Data strategy: A must for companies
In the age of analytical competition, business models are gaining a competitive advantage (CA) and are directly related to organisations’ data strategy processes. Incorporating a data strategy enables the organisation to unlock the potential value of data analytics. Data strategy is defined as organising, governing, analysing, and deploying the information assets of an organisation. An organisation that makes extensive and systematic use of analyses to outperform its competition is defined as an analytical competitor.
The three levels of value creation from data: Data as a tool, data as an industry, and data as a strategy i.e development of organisations dedicated to building data resources that enable them to develop radically innovative business models. There is no one-sizefits-all approach when it comes to deciding on data strategy. Crafting data strategy is not a stand-alone activity. It goes back to the basics of first understanding; what are the key goals and objectives of the organisation and how to leverage data to make the organisation realise the objectives.
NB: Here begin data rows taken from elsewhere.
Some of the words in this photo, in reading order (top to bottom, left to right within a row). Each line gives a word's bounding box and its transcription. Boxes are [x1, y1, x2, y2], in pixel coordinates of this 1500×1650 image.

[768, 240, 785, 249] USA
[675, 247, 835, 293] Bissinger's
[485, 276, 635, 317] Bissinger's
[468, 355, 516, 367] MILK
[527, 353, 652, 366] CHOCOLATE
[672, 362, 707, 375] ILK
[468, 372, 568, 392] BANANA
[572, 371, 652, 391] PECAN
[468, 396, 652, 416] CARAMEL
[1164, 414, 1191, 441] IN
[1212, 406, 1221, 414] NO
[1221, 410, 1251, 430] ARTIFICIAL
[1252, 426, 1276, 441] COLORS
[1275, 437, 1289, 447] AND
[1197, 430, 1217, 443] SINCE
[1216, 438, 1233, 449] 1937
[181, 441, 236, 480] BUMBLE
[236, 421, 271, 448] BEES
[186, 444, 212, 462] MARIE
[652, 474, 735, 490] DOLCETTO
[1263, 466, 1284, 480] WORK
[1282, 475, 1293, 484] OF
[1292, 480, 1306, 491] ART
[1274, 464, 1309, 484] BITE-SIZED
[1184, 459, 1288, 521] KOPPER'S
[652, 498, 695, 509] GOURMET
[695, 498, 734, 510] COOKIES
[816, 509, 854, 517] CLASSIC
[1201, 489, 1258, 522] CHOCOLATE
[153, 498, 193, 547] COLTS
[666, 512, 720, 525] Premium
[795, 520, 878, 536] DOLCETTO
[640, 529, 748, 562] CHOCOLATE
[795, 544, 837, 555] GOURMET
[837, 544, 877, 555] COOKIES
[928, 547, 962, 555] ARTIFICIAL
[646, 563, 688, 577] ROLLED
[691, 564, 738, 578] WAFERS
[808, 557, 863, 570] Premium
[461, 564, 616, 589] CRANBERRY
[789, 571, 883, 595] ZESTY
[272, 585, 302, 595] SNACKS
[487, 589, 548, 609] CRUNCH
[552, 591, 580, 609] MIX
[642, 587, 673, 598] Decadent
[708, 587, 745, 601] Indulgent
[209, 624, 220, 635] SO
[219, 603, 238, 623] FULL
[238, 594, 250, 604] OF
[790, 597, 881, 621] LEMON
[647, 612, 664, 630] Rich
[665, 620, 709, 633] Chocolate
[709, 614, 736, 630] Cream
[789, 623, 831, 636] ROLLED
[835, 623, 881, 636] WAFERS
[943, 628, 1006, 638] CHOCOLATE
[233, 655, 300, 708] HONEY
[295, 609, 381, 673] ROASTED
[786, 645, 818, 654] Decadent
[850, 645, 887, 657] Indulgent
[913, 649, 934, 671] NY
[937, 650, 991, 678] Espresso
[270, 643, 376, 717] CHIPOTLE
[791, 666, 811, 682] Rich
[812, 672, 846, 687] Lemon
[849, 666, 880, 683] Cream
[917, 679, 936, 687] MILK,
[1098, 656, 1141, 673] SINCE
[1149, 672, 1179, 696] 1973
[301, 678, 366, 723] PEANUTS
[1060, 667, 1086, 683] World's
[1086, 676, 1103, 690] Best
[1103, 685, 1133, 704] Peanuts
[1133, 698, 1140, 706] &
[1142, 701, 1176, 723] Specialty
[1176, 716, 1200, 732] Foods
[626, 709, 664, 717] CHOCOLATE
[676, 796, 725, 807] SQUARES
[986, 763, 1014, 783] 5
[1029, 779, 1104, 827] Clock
The planning for data strategy also includes key decisions like which data points are important for decision making, how data will be acquired, where it will be stored, who gets the access to data, and so on. Then comes the overarching decision of using tools, techniques, and analytical skills, which will help derive the insights from data. The decision on the analytical process also drills down to the fact - what are the core business needs of the organisation and how can data enable a more informed decision.
Incorporating the data strategy enables the organisation to unlock the potential value of data analytics which is often measured in terms of profitability, ownership, market growth, growth, innovation, leadership cost, product and service quality, delivery cycle time, customer satisfaction, flexibility and speed in meeting demands relating to the main competitors. There are six main areas where data can be put to work in any organisation.
These are decision making, understanding customers, and markets, launching smarter products, making intelligent services, improving business processes & operations, and monetising data. An organisation can choose to use one or all the six areas of using data to practice provided it is in line with the overall goal of the organisation. It’s important to start with identifying “why” an organisation needs to use data, exploring the wide range of possibilities of getting it done, analytical techniques to choose, and keeping in mind regulatory and ethical considerations. So, the organisation needs to hone its skills in developing data strategy and developing plans and processes geared toward realising organisational goals and objectives.
Data is an integral part of decision making; right from contact tracing to bringing back to work, predicting changes in demand to provide visibility into the supply chain. Innovations backed by Data, Analytics, and AI have become key to the success of organisations.
With the increased pace of Digital Transformation, companies have access to large data sets but do not completely understand how to unleash the power of data. Any organisation can continue doing blue-sky thinking to explore creative ways of utilising data, but it should lead with the right strategy. Trying to utilise data in a rush without knowing the result of burying heads in the sand and ignoring the datadriven outcomes in both situations will not lead to a positive result.
Trying to harness the power of data without a data strategy is like boiling the ocean. A data strategy encompasses what an organisation wants to do with data and decides top strategic priorities for data backed by key organisational objectives.
Conclusion: In the past, we tried to understand how the organisations analysed the available data by using descriptive analytics. Descriptive analytics helps the organisation to understand the past. With the availability of big data, we entered the area of predicting the future outcome. It uses different tools and techniques such as mathematical science, algorithm, machine learning, and computational modeling techniques. With the understanding of descriptive, predictive, and prescriptive analytics, businesses find better-informed decisions that take into account future outcomes.